On your recovery machine:

  • Identify the device if necessary. To do so, you could e.g. execute
    ~ # journalctl -f
    
    as root user on your "recovery" machine and check for an entry like
    Okt 29 18:58:31 my-machine kernel: sd 33:0:0:0: [sdb] 62333948 512-byte logical blocks: (31.9 GB/29.7 GiB)
    Okt 29 18:58:31 my-machine kernel:  sdb: sdb1 sdb2
    
    that coincides with your plugging in the SD card. Assuming a standard Raspbian disk layout, the relevant device containing the root partition would be /dev/sdb2.
  • As root on the recovery machine, perform an fsck on the partitions of the SD card before mounting any of them:
    ~ # fsck -v /dev/sdb1
    (fsck output)
    ~ # fsck -v /dev/sdb2
    (fsck output)
    
  • Mount the root partition of the SD card. It should be the second partition:
    ~ # mount /dev/sdb2 /mnt
    
    If you execute an ls command in the root directory of your recovery machine, the entry for the /mnt mount-point will then look something like
    / # ls -l
    <...>
    d---------  18 root root  4096 Mar 14  2021 mnt
    
    reflecting the completely removed permissions on the / partition of your SD card.

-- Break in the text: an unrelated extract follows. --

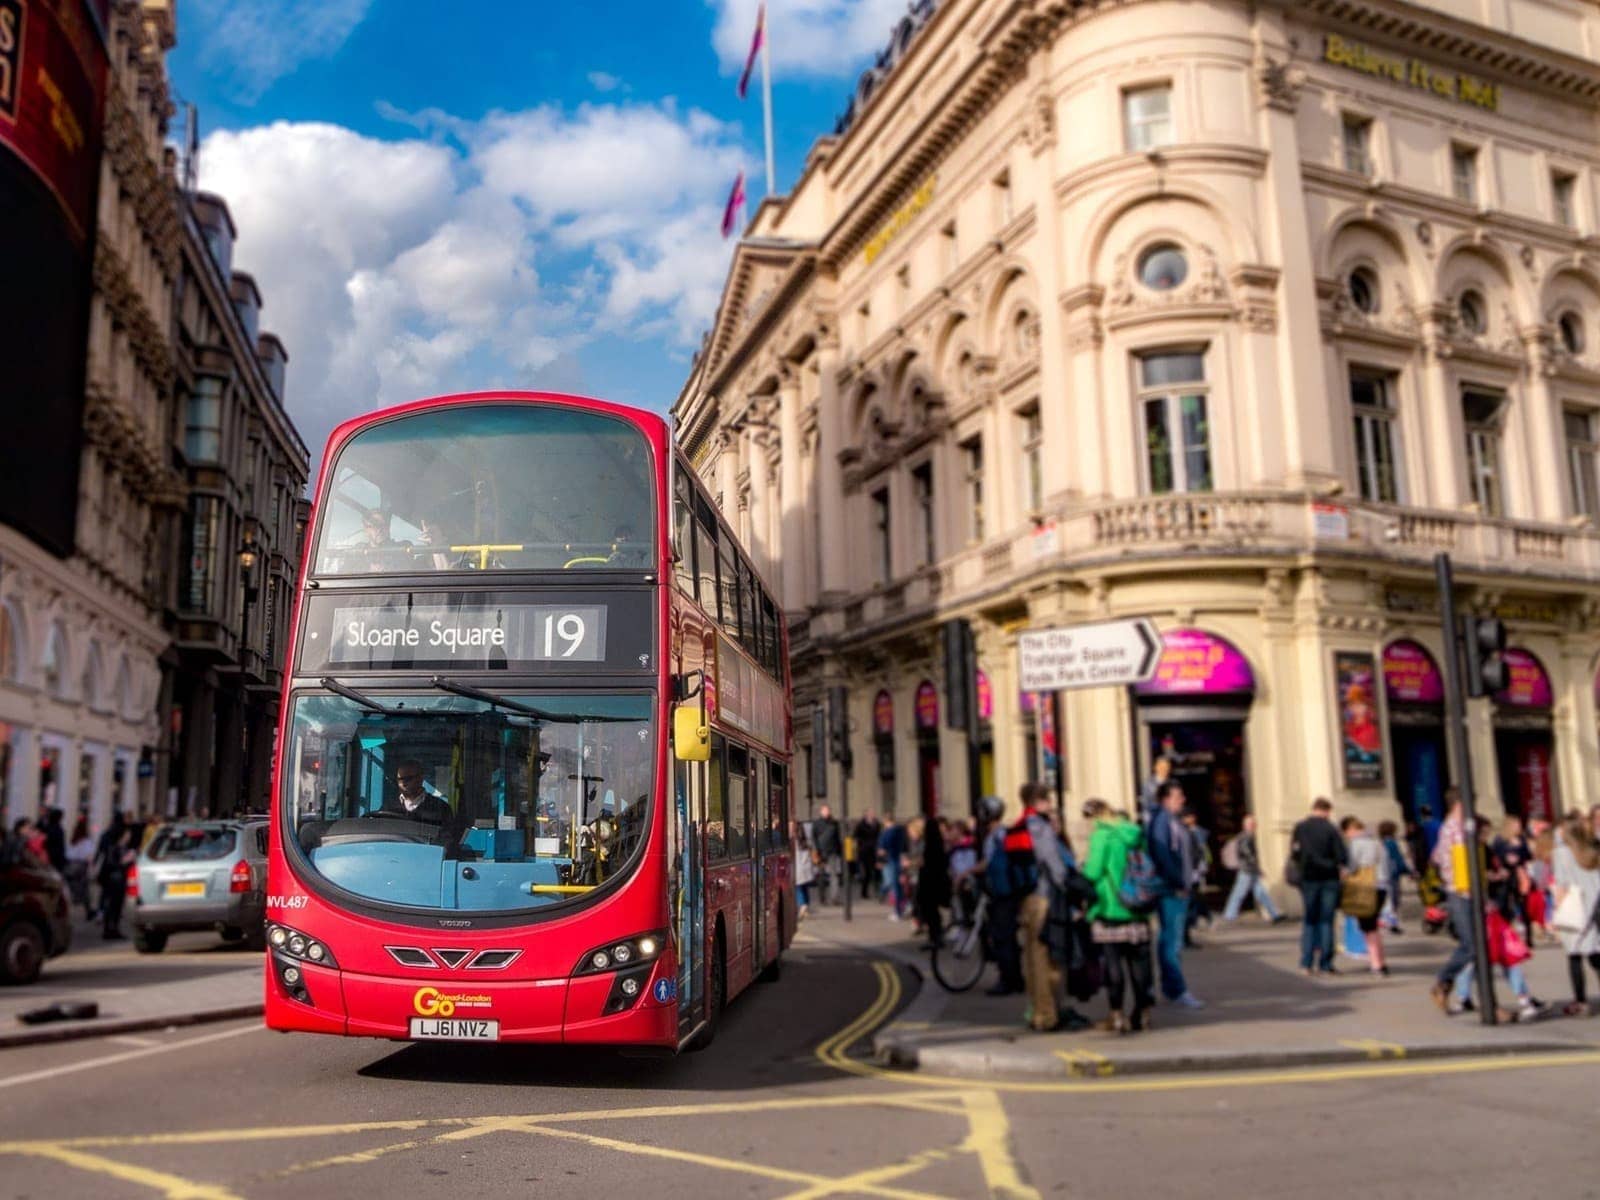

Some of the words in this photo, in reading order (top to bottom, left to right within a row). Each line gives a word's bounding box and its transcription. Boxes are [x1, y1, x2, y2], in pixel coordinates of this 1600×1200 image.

  • Re-add the necessary permissions via
    / # chmod 755 /mnt
    
    If you run ls again, the entry should look more familiar, like
    drwxr-xr-x  18 root root  4096 Mar 14  2021 mnt
    
  • Afterwards, unmount, plug the card back in the Pi, and boot. It should work again (mainly because it seems that you didn't recursively revoke the rwx permissions).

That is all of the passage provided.